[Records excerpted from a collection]

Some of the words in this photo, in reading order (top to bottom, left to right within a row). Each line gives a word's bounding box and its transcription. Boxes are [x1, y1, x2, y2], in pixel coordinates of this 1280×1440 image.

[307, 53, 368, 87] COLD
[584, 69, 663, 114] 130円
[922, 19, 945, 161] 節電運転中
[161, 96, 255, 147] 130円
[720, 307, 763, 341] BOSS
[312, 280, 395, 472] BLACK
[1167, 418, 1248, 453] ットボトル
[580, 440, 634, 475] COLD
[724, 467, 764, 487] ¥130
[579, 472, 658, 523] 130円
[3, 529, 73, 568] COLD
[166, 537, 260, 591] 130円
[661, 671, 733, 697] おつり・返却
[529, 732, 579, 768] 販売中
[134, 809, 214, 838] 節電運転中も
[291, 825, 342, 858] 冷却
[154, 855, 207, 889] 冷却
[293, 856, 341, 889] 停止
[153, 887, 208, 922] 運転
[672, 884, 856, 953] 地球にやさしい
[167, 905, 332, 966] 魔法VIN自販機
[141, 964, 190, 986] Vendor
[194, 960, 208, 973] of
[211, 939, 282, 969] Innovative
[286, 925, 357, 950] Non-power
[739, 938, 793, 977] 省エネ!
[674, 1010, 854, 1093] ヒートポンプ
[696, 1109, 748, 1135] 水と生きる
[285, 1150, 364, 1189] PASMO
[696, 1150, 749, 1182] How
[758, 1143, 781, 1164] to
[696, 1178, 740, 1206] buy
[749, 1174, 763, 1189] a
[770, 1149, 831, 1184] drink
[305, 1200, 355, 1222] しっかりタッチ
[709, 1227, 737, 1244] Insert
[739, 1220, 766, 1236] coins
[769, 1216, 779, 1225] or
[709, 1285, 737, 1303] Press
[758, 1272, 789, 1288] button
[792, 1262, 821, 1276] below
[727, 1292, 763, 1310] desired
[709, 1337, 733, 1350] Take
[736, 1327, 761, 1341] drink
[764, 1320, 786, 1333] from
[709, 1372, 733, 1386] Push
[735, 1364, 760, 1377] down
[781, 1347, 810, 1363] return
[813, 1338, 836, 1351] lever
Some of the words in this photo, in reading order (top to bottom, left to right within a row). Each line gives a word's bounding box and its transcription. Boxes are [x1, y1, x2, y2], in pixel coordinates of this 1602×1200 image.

_What you will do_. What you should produce is an exact copy of the records above.

_Exercise solution_.
Some of the words in this photo, in reading order (top to bottom, left to right within a row). Each line gives a word's bounding box and its transcription. Boxes are [x1, y1, x2, y2], in pixel coordinates of this 1280×1440 image.

[307, 53, 368, 87] COLD
[584, 69, 663, 114] 130円
[922, 19, 945, 161] 節電運転中
[161, 96, 255, 147] 130円
[720, 307, 763, 341] BOSS
[312, 280, 395, 472] BLACK
[1167, 418, 1248, 453] ットボトル
[580, 440, 634, 475] COLD
[724, 467, 764, 487] ¥130
[579, 472, 658, 523] 130円
[3, 529, 73, 568] COLD
[166, 537, 260, 591] 130円
[661, 671, 733, 697] おつり・返却
[529, 732, 579, 768] 販売中
[134, 809, 214, 838] 節電運転中も
[291, 825, 342, 858] 冷却
[154, 855, 207, 889] 冷却
[293, 856, 341, 889] 停止
[153, 887, 208, 922] 運転
[672, 884, 856, 953] 地球にやさしい
[167, 905, 332, 966] 魔法VIN自販機
[141, 964, 190, 986] Vendor
[194, 960, 208, 973] of
[211, 939, 282, 969] Innovative
[286, 925, 357, 950] Non-power
[739, 938, 793, 977] 省エネ!
[674, 1010, 854, 1093] ヒートポンプ
[696, 1109, 748, 1135] 水と生きる
[285, 1150, 364, 1189] PASMO
[696, 1150, 749, 1182] How
[758, 1143, 781, 1164] to
[696, 1178, 740, 1206] buy
[749, 1174, 763, 1189] a
[770, 1149, 831, 1184] drink
[305, 1200, 355, 1222] しっかりタッチ
[709, 1227, 737, 1244] Insert
[739, 1220, 766, 1236] coins
[769, 1216, 779, 1225] or
[709, 1285, 737, 1303] Press
[758, 1272, 789, 1288] button
[792, 1262, 821, 1276] below
[727, 1292, 763, 1310] desired
[709, 1337, 733, 1350] Take
[736, 1327, 761, 1341] drink
[764, 1320, 786, 1333] from
[709, 1372, 733, 1386] Push
[735, 1364, 760, 1377] down
[781, 1347, 810, 1363] return
[813, 1338, 836, 1351] lever
Some of the words in this photo, in reading order (top to bottom, left to right within a row). Each line gives a word's bounding box and its transcription. Boxes are [x1, y1, x2, y2], in pixel coordinates of this 1602×1200 image.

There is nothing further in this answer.